[Problem to work on] An exact repetition of the data below, without images, is the expected answer.

[Spatial localization data]
========

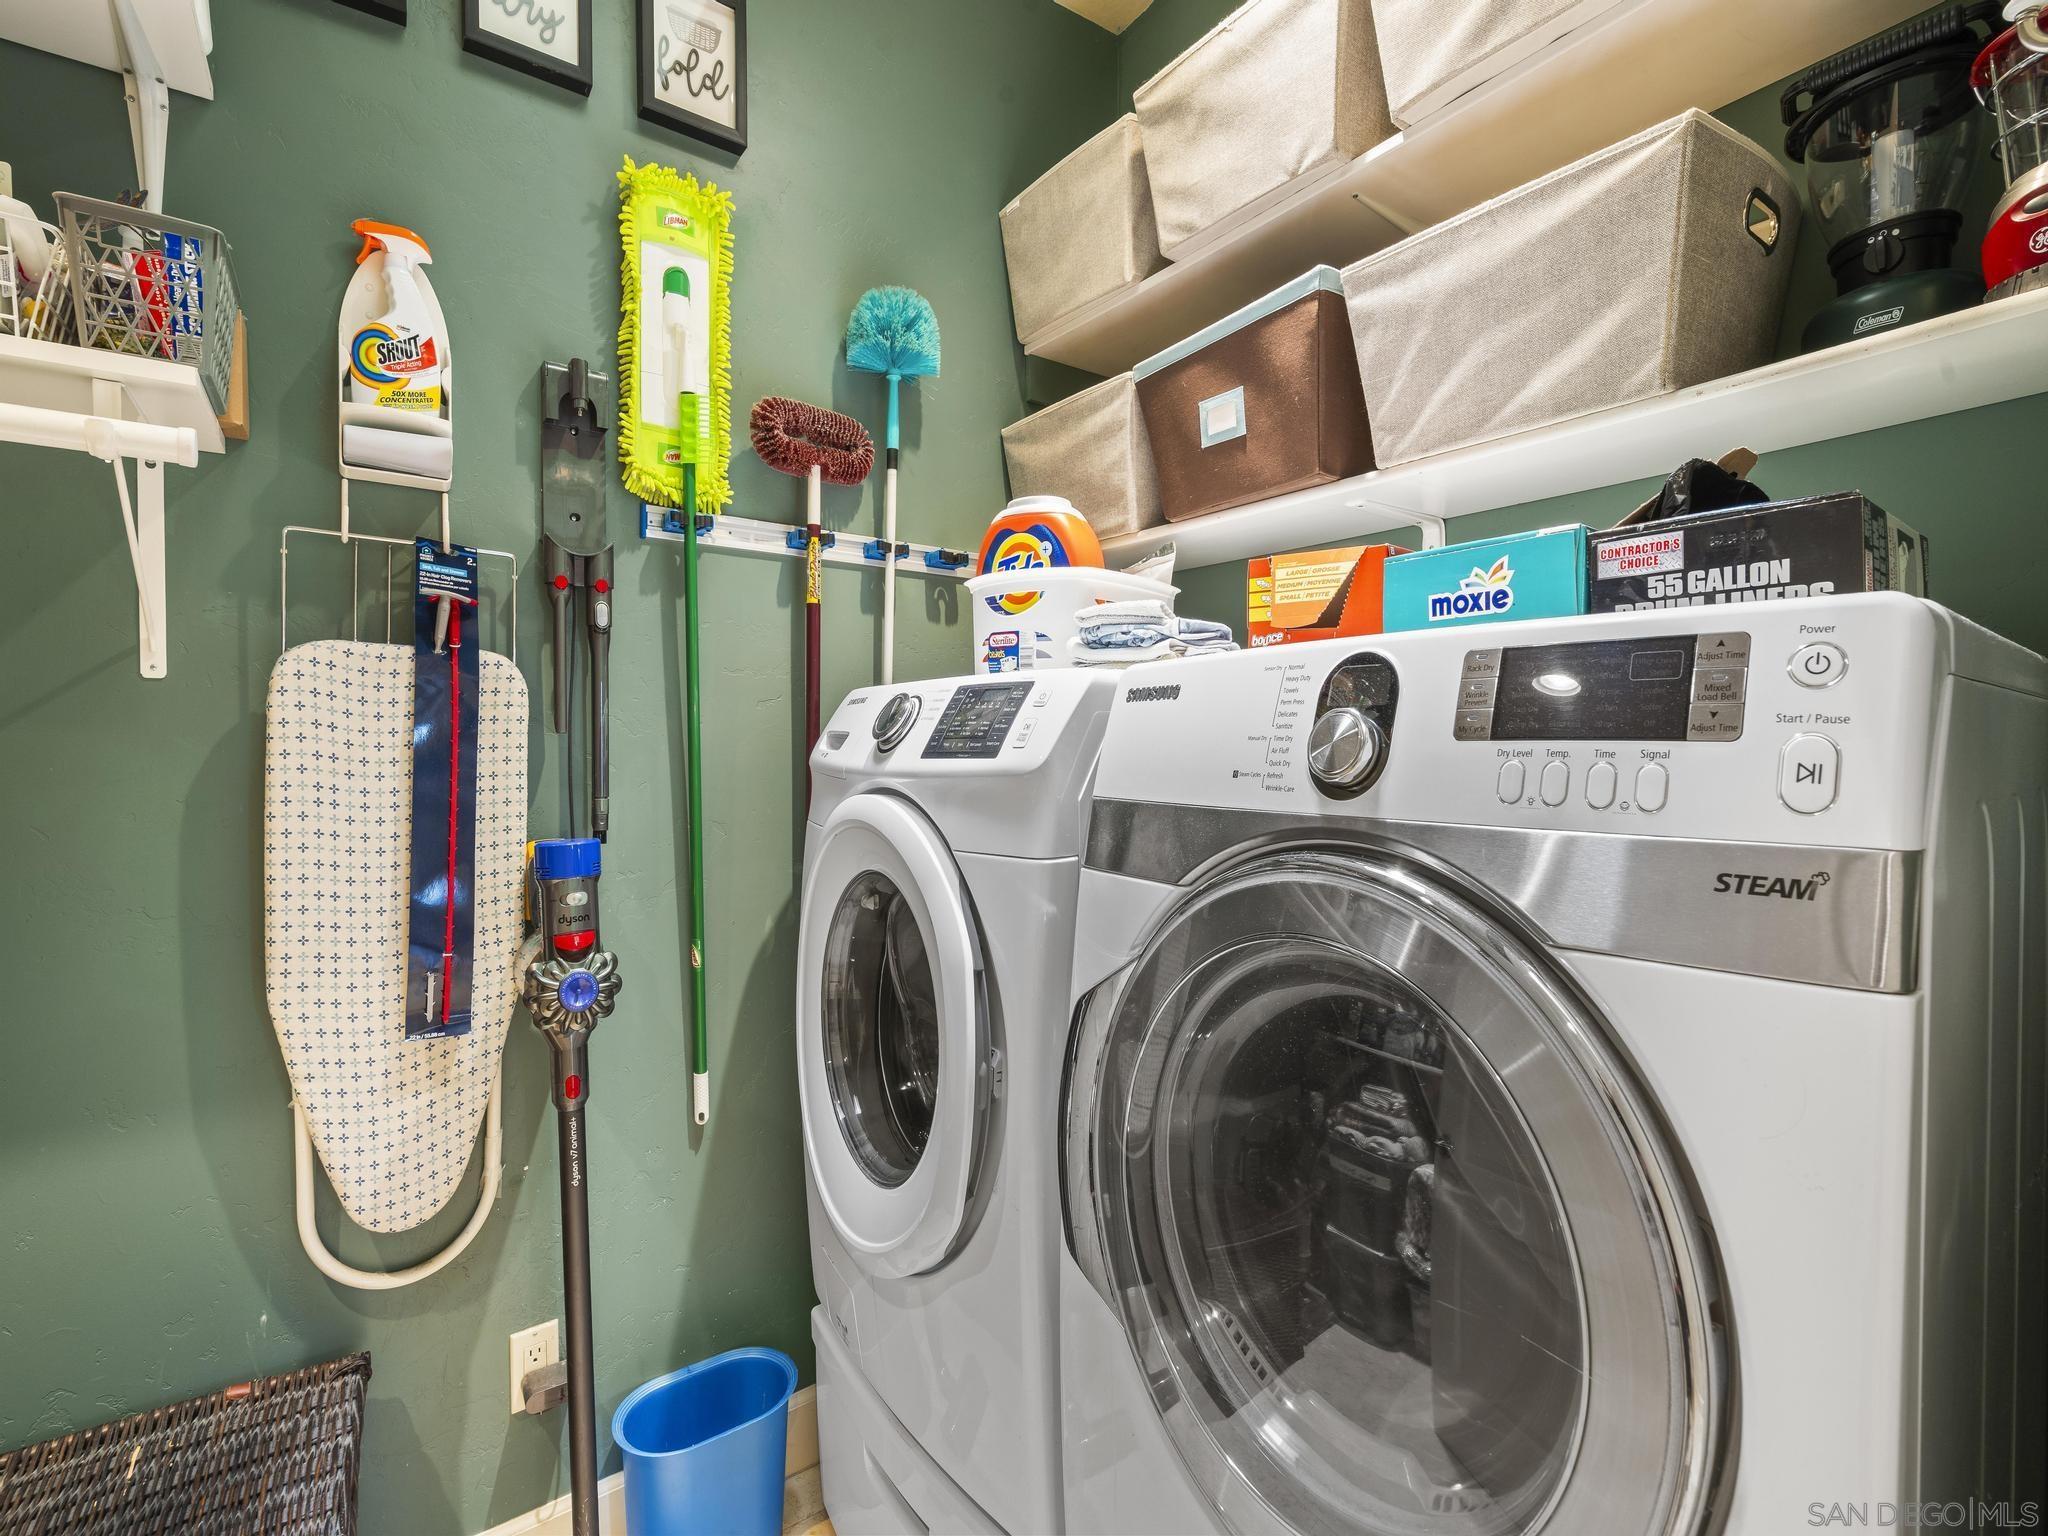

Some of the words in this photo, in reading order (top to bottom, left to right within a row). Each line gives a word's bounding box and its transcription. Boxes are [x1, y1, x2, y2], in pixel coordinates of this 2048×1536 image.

[657, 34, 730, 100] fold
[663, 215, 688, 227] LIBMAN
[1858, 313, 1892, 329] Coleman
[377, 334, 420, 364] SHOUT
[1600, 538, 1681, 560] CONTRACTOR'S
[997, 553, 1044, 571] Td
[1619, 555, 1660, 570] CHOICE
[1286, 568, 1308, 577] LARGE
[1312, 565, 1341, 574] GROSSE
[1277, 581, 1303, 589] MEDIUM
[1306, 577, 1341, 586] MOYENNE
[1647, 572, 1683, 599] 55
[1687, 558, 1791, 594] GALLON
[1278, 593, 1301, 601] SMALL
[1305, 590, 1330, 598] PETITE
[1432, 589, 1510, 617] moxie
[1799, 624, 1837, 634] Power
[991, 635, 1015, 645] Sterilite
[1251, 632, 1284, 647] bounce
[1697, 652, 1723, 661] Adjust
[1725, 651, 1746, 659] Time
[1483, 664, 1495, 673] Dry
[1300, 674, 1311, 682] Duty
[1126, 684, 1181, 703] SAMSUNG
[1704, 683, 1732, 692] Mixed
[1697, 692, 1718, 701] Load
[1720, 691, 1737, 700] Bell
[1775, 713, 1804, 724] Start
[1806, 713, 1812, 724] /
[1815, 713, 1851, 724] Pause
[1690, 724, 1716, 734] Adjust
[1718, 723, 1739, 732] Time
[1285, 735, 1293, 743] Dry
[1497, 749, 1510, 759] Dry
[1512, 749, 1533, 758] Level
[1545, 749, 1572, 760] Temp.
[1594, 749, 1617, 759] Time
[1640, 749, 1671, 761] Signal
[1282, 760, 1290, 768] Dry
[1713, 872, 1820, 901] STEAM
[558, 914, 590, 926] dyson
[569, 1116, 578, 1149] animal+
[570, 1150, 578, 1160] v7
[571, 1160, 581, 1187] dyson
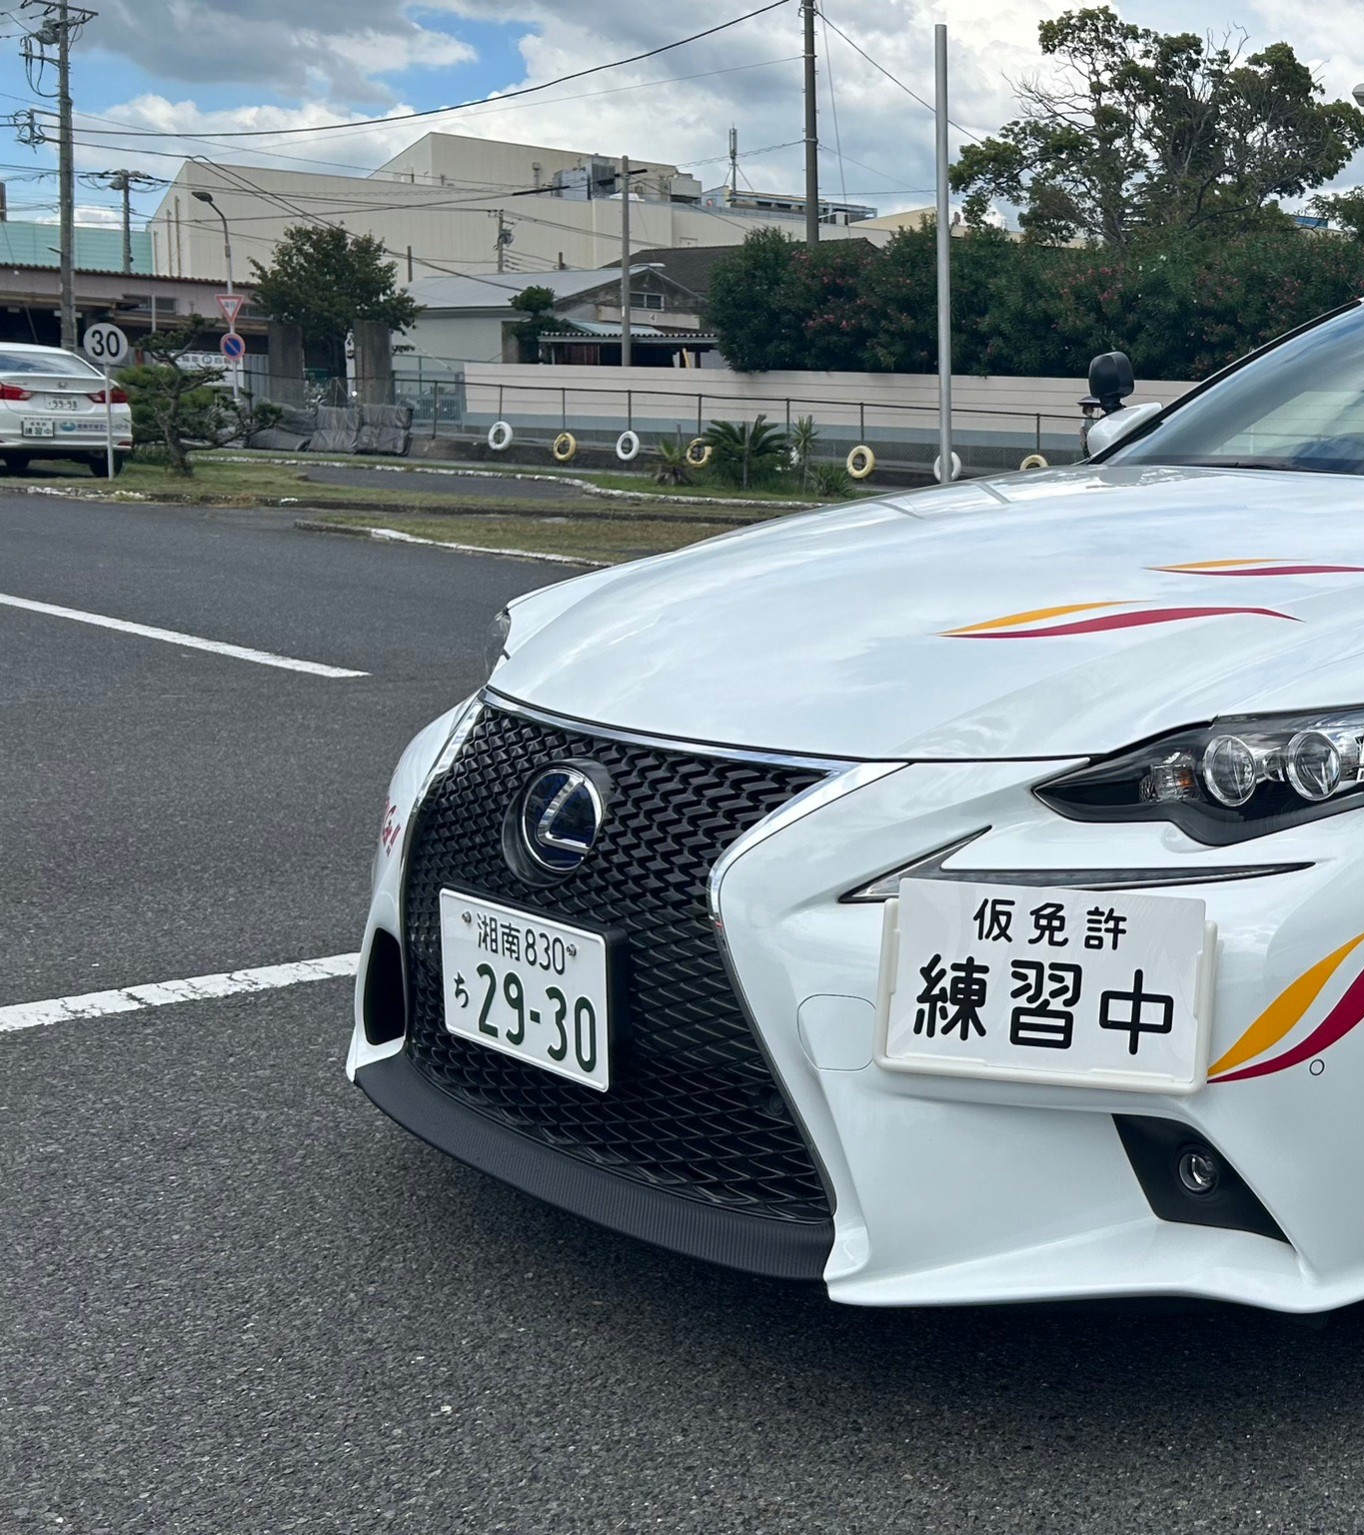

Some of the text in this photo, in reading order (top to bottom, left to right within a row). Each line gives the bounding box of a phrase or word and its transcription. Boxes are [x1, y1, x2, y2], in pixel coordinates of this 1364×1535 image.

[91, 330, 120, 357] 30
[477, 912, 566, 976] 湘南830
[973, 898, 1127, 950] 仮免許
[453, 962, 597, 1073] ち 29-30
[913, 954, 1174, 1056] 練習中
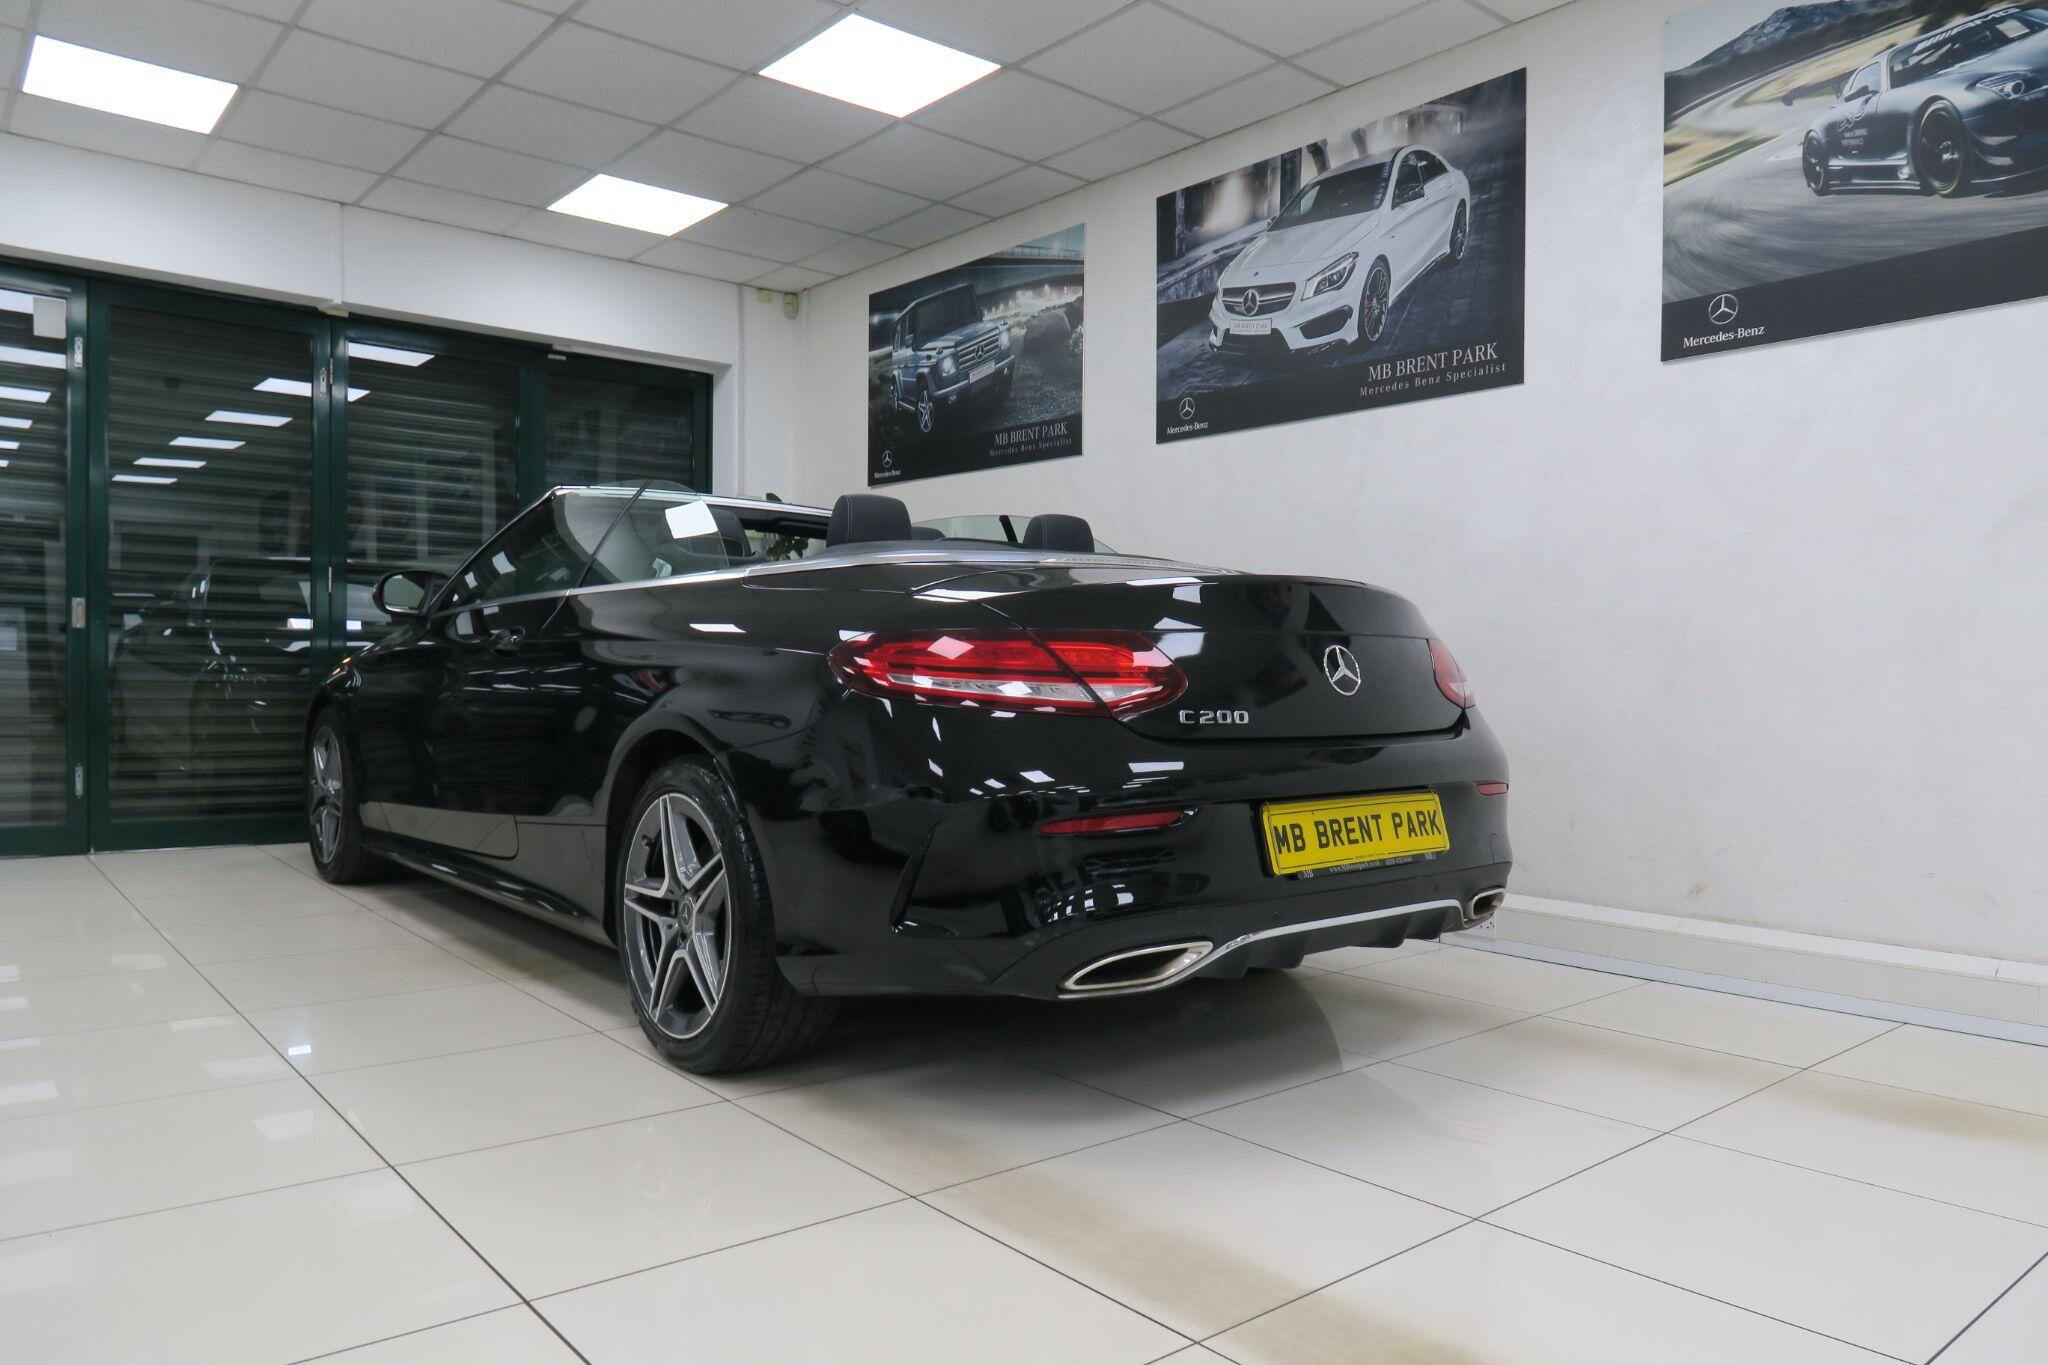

========

[Solution for this task]
Some of the words in this photo, in reading order (top to bottom, left to right within a row). Each line gives a word's bounding box and its transcription. Boxes are [x1, y1, x2, y2], in pixel coordinates of this 2048×1536 image.

[657, 34, 730, 100] fold
[663, 215, 688, 227] LIBMAN
[1858, 313, 1892, 329] Coleman
[377, 334, 420, 364] SHOUT
[1600, 538, 1681, 560] CONTRACTOR'S
[997, 553, 1044, 571] Td
[1619, 555, 1660, 570] CHOICE
[1286, 568, 1308, 577] LARGE
[1312, 565, 1341, 574] GROSSE
[1277, 581, 1303, 589] MEDIUM
[1306, 577, 1341, 586] MOYENNE
[1647, 572, 1683, 599] 55
[1687, 558, 1791, 594] GALLON
[1278, 593, 1301, 601] SMALL
[1305, 590, 1330, 598] PETITE
[1432, 589, 1510, 617] moxie
[1799, 624, 1837, 634] Power
[991, 635, 1015, 645] Sterilite
[1251, 632, 1284, 647] bounce
[1697, 652, 1723, 661] Adjust
[1725, 651, 1746, 659] Time
[1483, 664, 1495, 673] Dry
[1300, 674, 1311, 682] Duty
[1126, 684, 1181, 703] SAMSUNG
[1704, 683, 1732, 692] Mixed
[1697, 692, 1718, 701] Load
[1720, 691, 1737, 700] Bell
[1775, 713, 1804, 724] Start
[1806, 713, 1812, 724] /
[1815, 713, 1851, 724] Pause
[1690, 724, 1716, 734] Adjust
[1718, 723, 1739, 732] Time
[1285, 735, 1293, 743] Dry
[1497, 749, 1510, 759] Dry
[1512, 749, 1533, 758] Level
[1545, 749, 1572, 760] Temp.
[1594, 749, 1617, 759] Time
[1640, 749, 1671, 761] Signal
[1282, 760, 1290, 768] Dry
[1713, 872, 1820, 901] STEAM
[558, 914, 590, 926] dyson
[569, 1116, 578, 1149] animal+
[570, 1150, 578, 1160] v7
[571, 1160, 581, 1187] dyson

Some of the text in this photo, in reading order (top to bottom, left to right within a row). Each line gives the bounding box of a phrase or word and its transcription. Boxes are [x1, y1, x2, y2], in pixel coordinates of this 1364×1535 image.

[91, 330, 120, 357] 30
[477, 912, 566, 976] 湘南830
[973, 898, 1127, 950] 仮免許
[453, 962, 597, 1073] ち 29-30
[913, 954, 1174, 1056] 練習中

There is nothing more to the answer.